La Sonndesfro a été publiée une première fois en 2003 par le Tageblatt. En 2017, elle fut reprise par RTL et le Wort. Le « content director » de RTL, Steve Schmit, la défend comme « un outil de la toolbox démocratique ». Or, la Sonndesfro ne livre pas seulement les pourcentages, elle s’aventure également à en déduire une répartition des sièges. Cela permet à RTL et au Wort de faire du « storytelling » à gogo. Un exercice de fiction, étant donné le système électoral luxembourgeois, avec sa loterie des Reschtsëtz (quatorze, en 2023), ses petites circonscriptions et son panachage. C’est à quelques dizaines d’électeurs près que le LSAP a loupé un siège dans la circo Nord. Le mode de scrutin s’accorde mal avec les sondages. Don’t hate the player, hate the game.

« Alle paar Jahre nach den Wahlen gibt es die gleiche Debatte über tatsächliche und vermeintliche Ungerechtigkeiten des Luxemburger Wahlsystems. Und jedes Mal passiert dasselbe, nämlich nichts », notait le politologue Michel Dormal en 2018 dans le Land. Une autre prévision qui s’est avérée. Ces derniers jours, le socialiste Franz Fayot a dénoncé « l’absurdité » du système électoral, tandis que Francine Closener a promis que le LSAP présentera « une alternative plus juste ». Or, si le système électoral est resté quasi-inchangé depuis 1919, c’est qu’il arrange ceux qui pourraient le changer. Il a été conçu par les notables du XIXe pour les notables du XXe siècle.

Dans les actes du colloque « Cent ans de suffrage universel » (2019), Ben Fayot regrette que le panachage place les partis politiques « en position d’infériorité » par rapport aux personnalités, notamment les matadors locaux, « automatiquement candidats s’ils le désirent ». L’historien (et ancien député LSAP) rappelle que les catholiques et les socialistes étaient initialement opposés au panachage : « Les candidats qui auront toute chance d’être élus sont ceux qui passent peut-être le plus par les cabarets », avertissait ainsi Jos Thorn en 1919 à la Chambre. Le député socialiste disait « aimer mieux la responsabilité des grands partis organisés que les petites mesquineries des individus ». Mais le Conseil d’État (encore lui) s’opposa à l’interdiction du panachage, laquelle méconnaîtrait « le caractère luxembourgeois ».

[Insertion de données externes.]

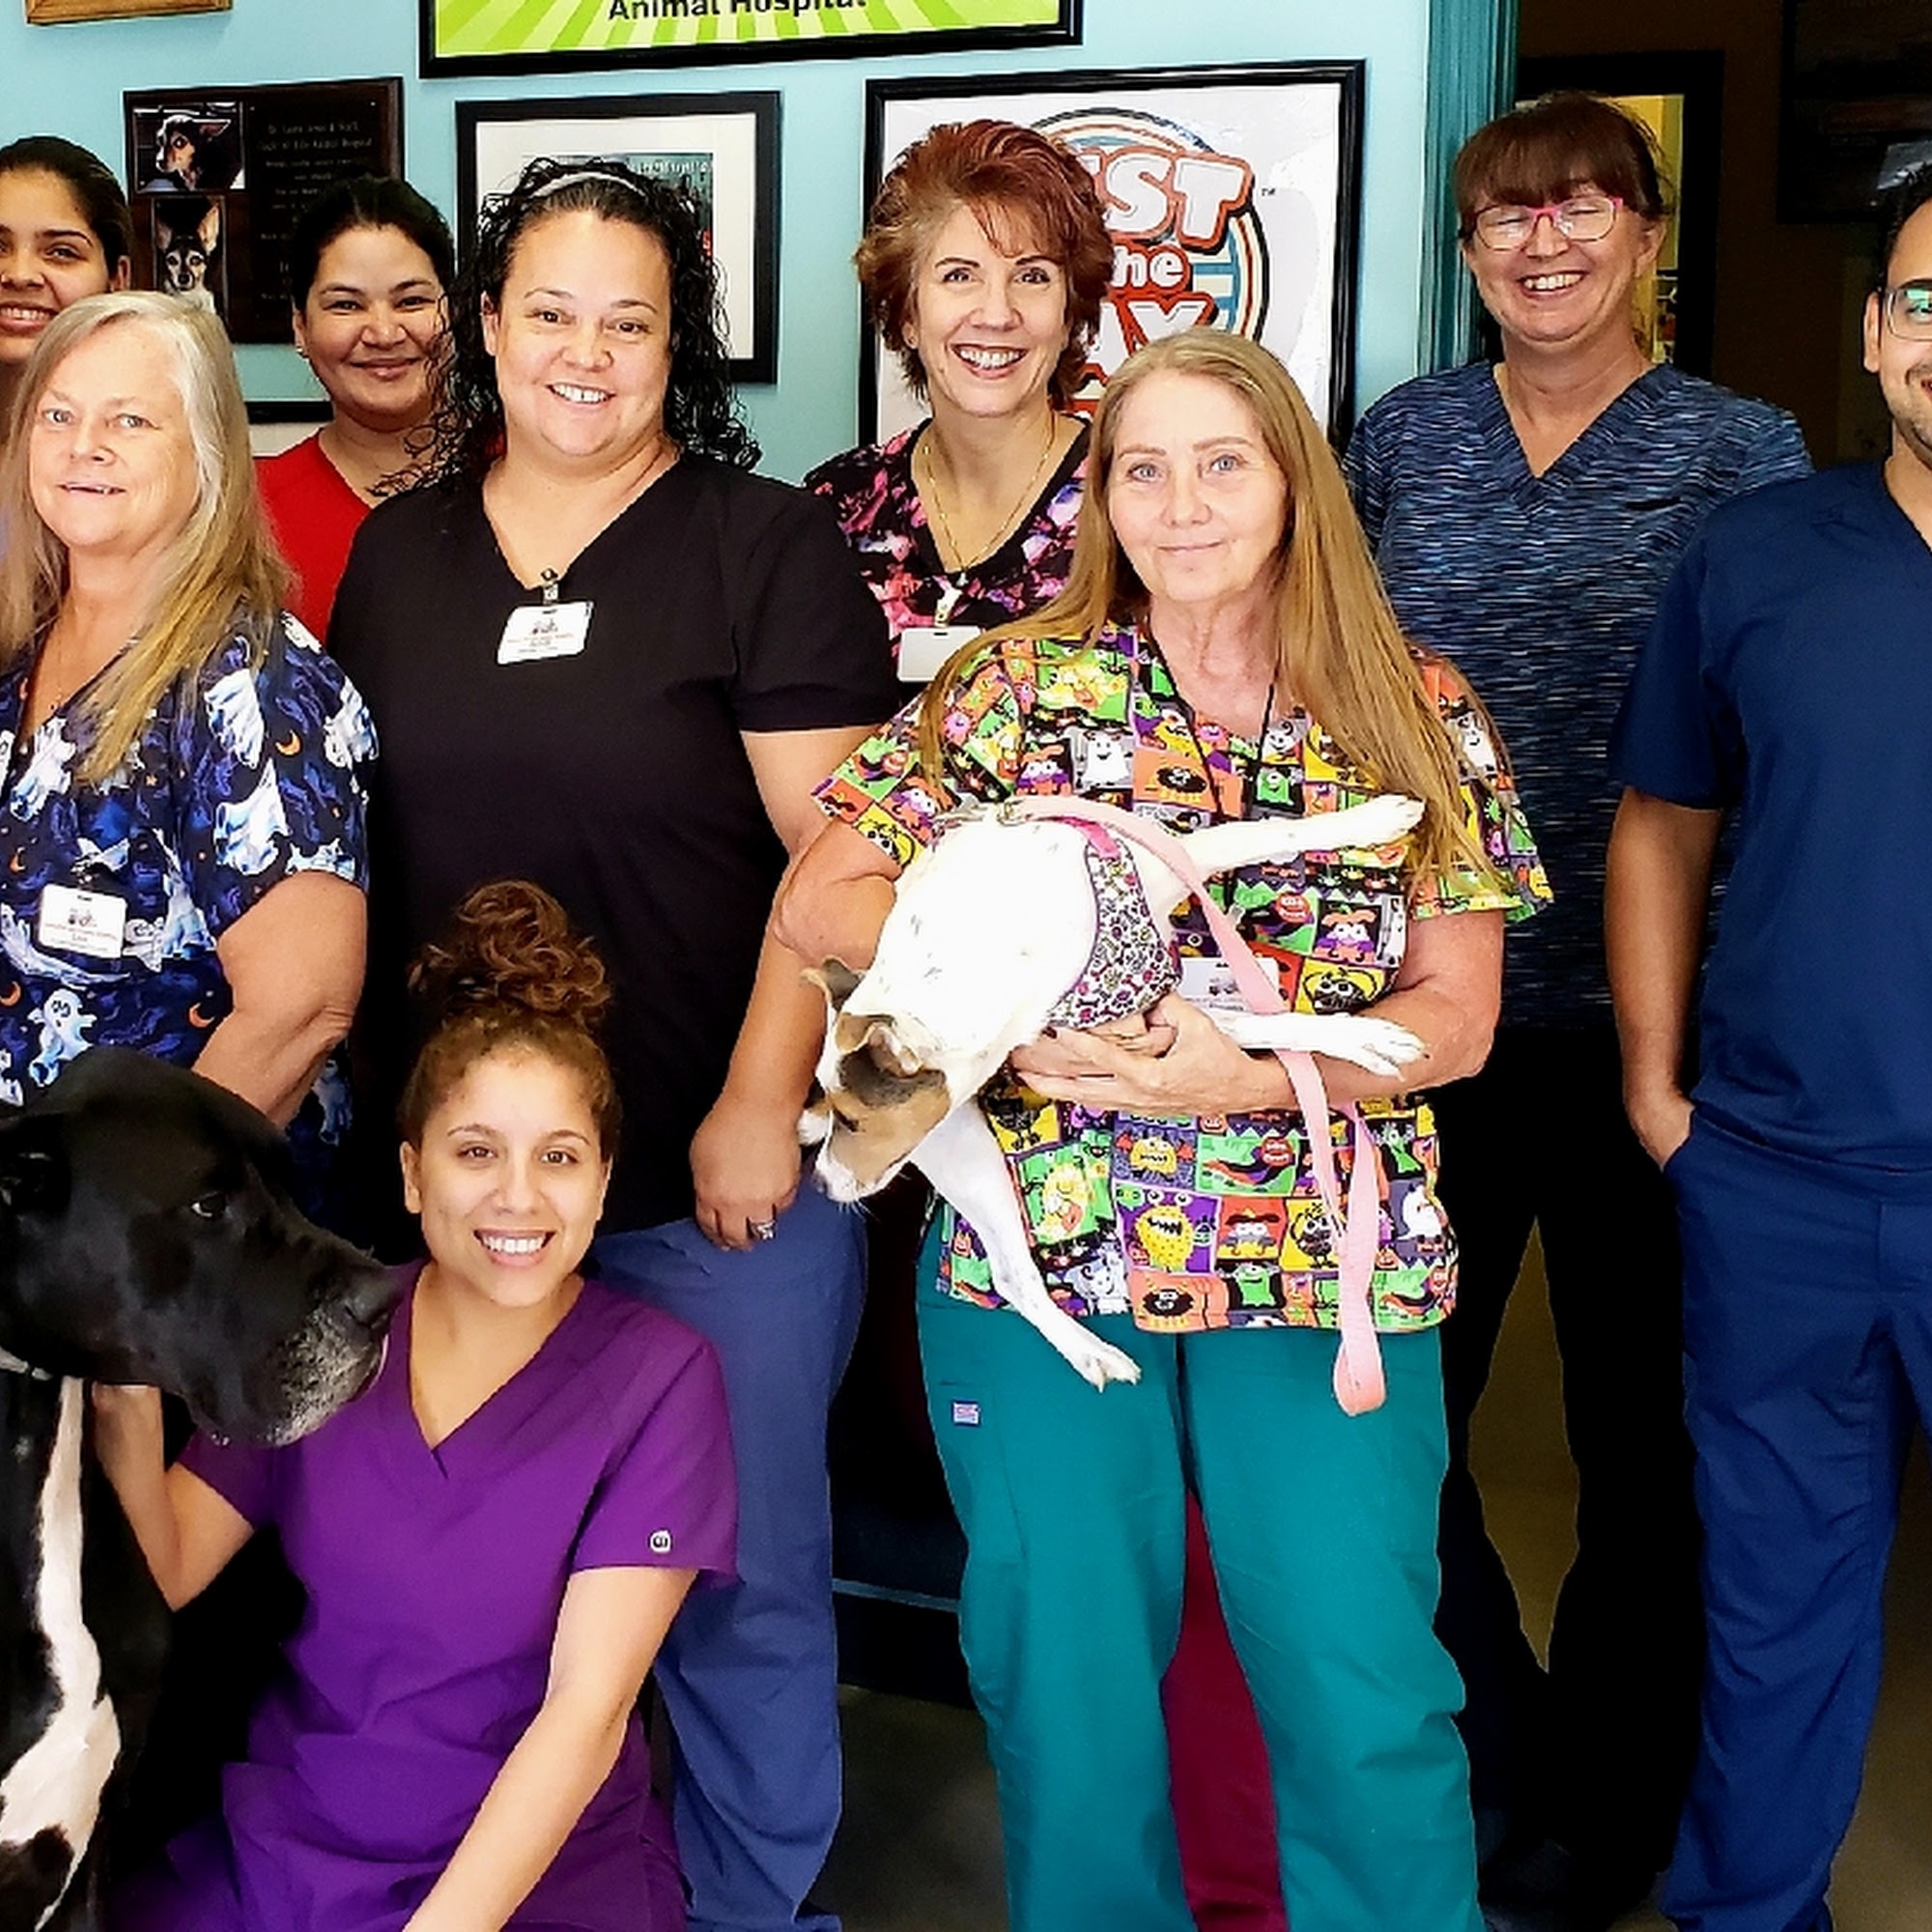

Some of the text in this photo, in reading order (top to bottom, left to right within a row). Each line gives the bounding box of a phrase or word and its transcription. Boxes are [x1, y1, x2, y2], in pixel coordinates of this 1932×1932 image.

La division en quatre circonscriptions par contre, c’est la faute à la gauche. Comme l’a retracé Michel Dormal, les socialistes avaient soulevé cette revendication, en dernière minute et à la grande surprise, le 27 mars 1919. Un cas affiché de gerrymandering : « Nous n’entendons pas qu’on accole les cantons agricoles au canton d’Esch (…) et que vous renforciez dans cette enceinte, au détriment de la population industrielle, l’influence de la population agricole ». Les socialistes pensaient protéger leurs fiefs, et finirent par se tirer une balle dans le pied. Car, en fin de compte, le partage par quatre cimentera l’hégémonie des conservateurs dans les circos Nord et Est. (Paulette Lenert n’a pas réussi à briser cette logique ; même s’il ne lui manquait que quelques centaines d’électeurs.) En octobre 2023, le LSAP a de nouveau payé le mauvais calcul des camarades de 1919.